REINHARDT, Circuit Judge:
Taniko Smith was convicted of first degree murder, attempted murder, two counts of robbery, and attempted robbery in a Nevada superior court on March 28, 1997. Following the conclusion of direct appeal, he filed a series of state and federal habeas petitions between 1999 and 2006, all of which were denied.
The Nevada Supreme Court reversed the state trial court in 2009, concluding that Smith's petition was untimely and that Smith had not shown good cause to excuse the procedural defect. It remanded the case to the trial court with instructions to reinstate Smith's murder and attempted murder convictions and sentences by entering a Second Amended Judgment of
On May 22, 2012, Smith filed pro se a federal habeas petition challenging his conviction and sentence under the Second Amended Judgment. The district court dismissed the petition as untimely, reasoning that the statute of limitations ran from the time of Smith's initial conviction in 1997 because the amended judgment created no new issues for petitioner to appeal. In part, the district court relied on United States v. Colvin, 204 F.3d 1221, 1225 (9th Cir. 2000), which held that an amended federal judgment of conviction doesn't become final for purposes of 28 U.S.C. § 2255(f) until the time for appealing the amended judgment has passed but limited its holding to cases in which the trial court "either partially or wholly reverse[s] a defendant's conviction or sentence, or both, and expressly remand[s] to the district court," stating that it need not reach a conclusion for cases that did not present the same procedural history. Colvin, 204 F.3d at 1225. The district court assumed that Colvin's limited holding would apply to an amended state court judgment of conviction, which is controlled by 28 U.S.C. § 2241(d)(1)(A), and determined that the statute of limitations had never restarted because Smith's case was never reversed and expressly remanded to the state trial court. This assumption is incorrect for the reasons we will explain in this opinion.
We review de novo a district court's dismissal of a habeas petition as untimely under AEDPA. Stancle v. Clay, 692 F.3d 948, 952-53 (9th Cir. 2012).
Under AEDPA, prisoners "in custody pursuant to the judgment of a State court" have a one-year statutory period to file a federal application for writ of habeas corpus. 28 U.S.C. § 2244(d)(1).
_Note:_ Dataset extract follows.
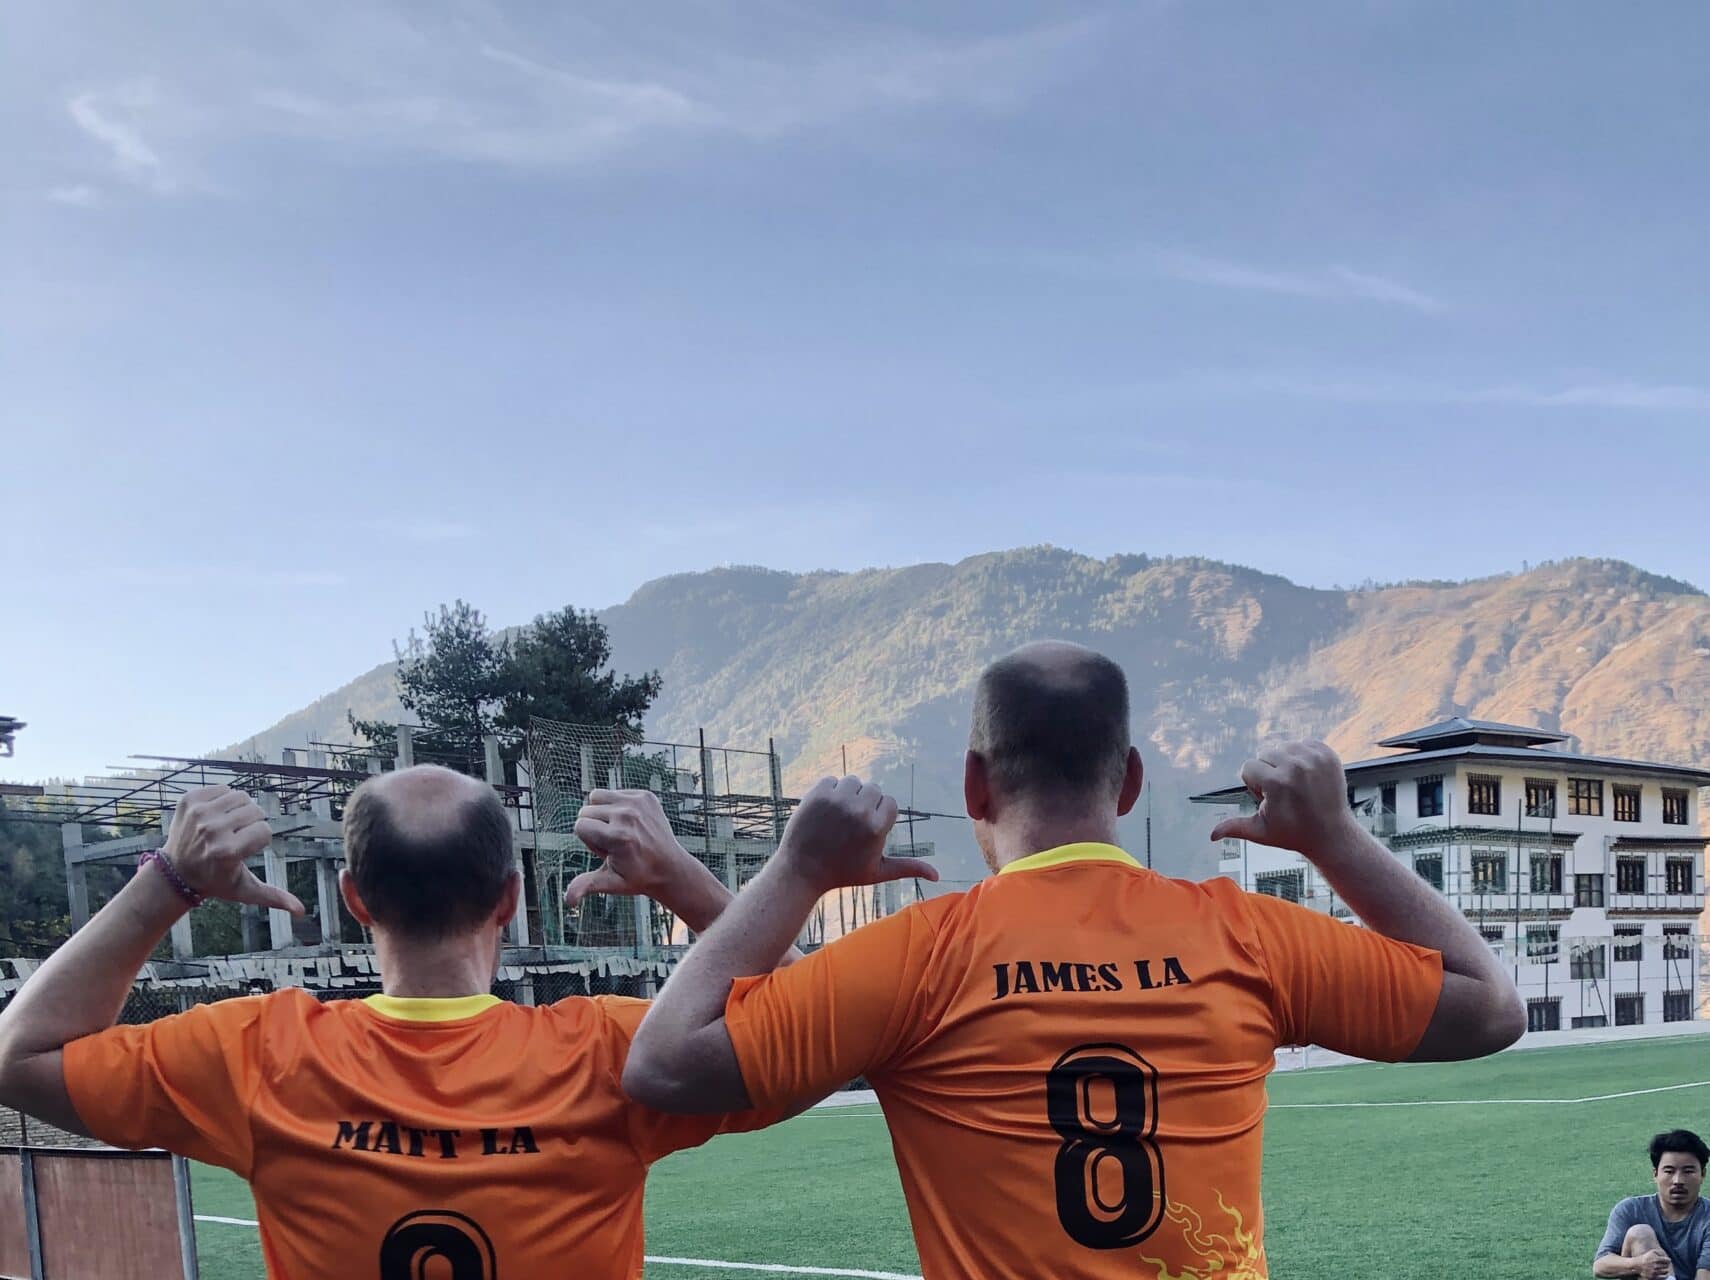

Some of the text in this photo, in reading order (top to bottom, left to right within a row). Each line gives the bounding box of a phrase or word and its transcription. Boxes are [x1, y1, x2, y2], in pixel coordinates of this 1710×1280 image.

[992, 956, 1192, 1001] JAMES LA
[331, 1121, 541, 1159] MATT LA
[1045, 1042, 1167, 1250] 8
This period generally runs, as it does in this case, from "the date on which the judgment became final by the conclusion of direct review or the expiration of the time for seeking such review." Id. § 2244(d)(1)(A).
Statutory interpretation "begins with the plain language of the statute." Jimenez v. Quarterman, 555 U.S. 113, 118, 129 S.Ct. 681, 172 L.Ed.2d 475 (2009).
Habeas relief for prisoners convicted under state law is governed by 28 U.S.C. § 2254, but the procedural rules governing § 2254 petitions are contained in 28 U.S.C. § 2244. The text of § 2244 establishes that the one-year statute-oflimitations period for state prisoners runs from the date on which the judgment pursuant to which the prisoner is being held became final. The statute, by its terms, applies to "a person in custody pursuant to the judgment of a State court" and states that the statute of limitations runs from "the date on which the judgment" became final. Id. § 2244(d)(1) (emphasis added).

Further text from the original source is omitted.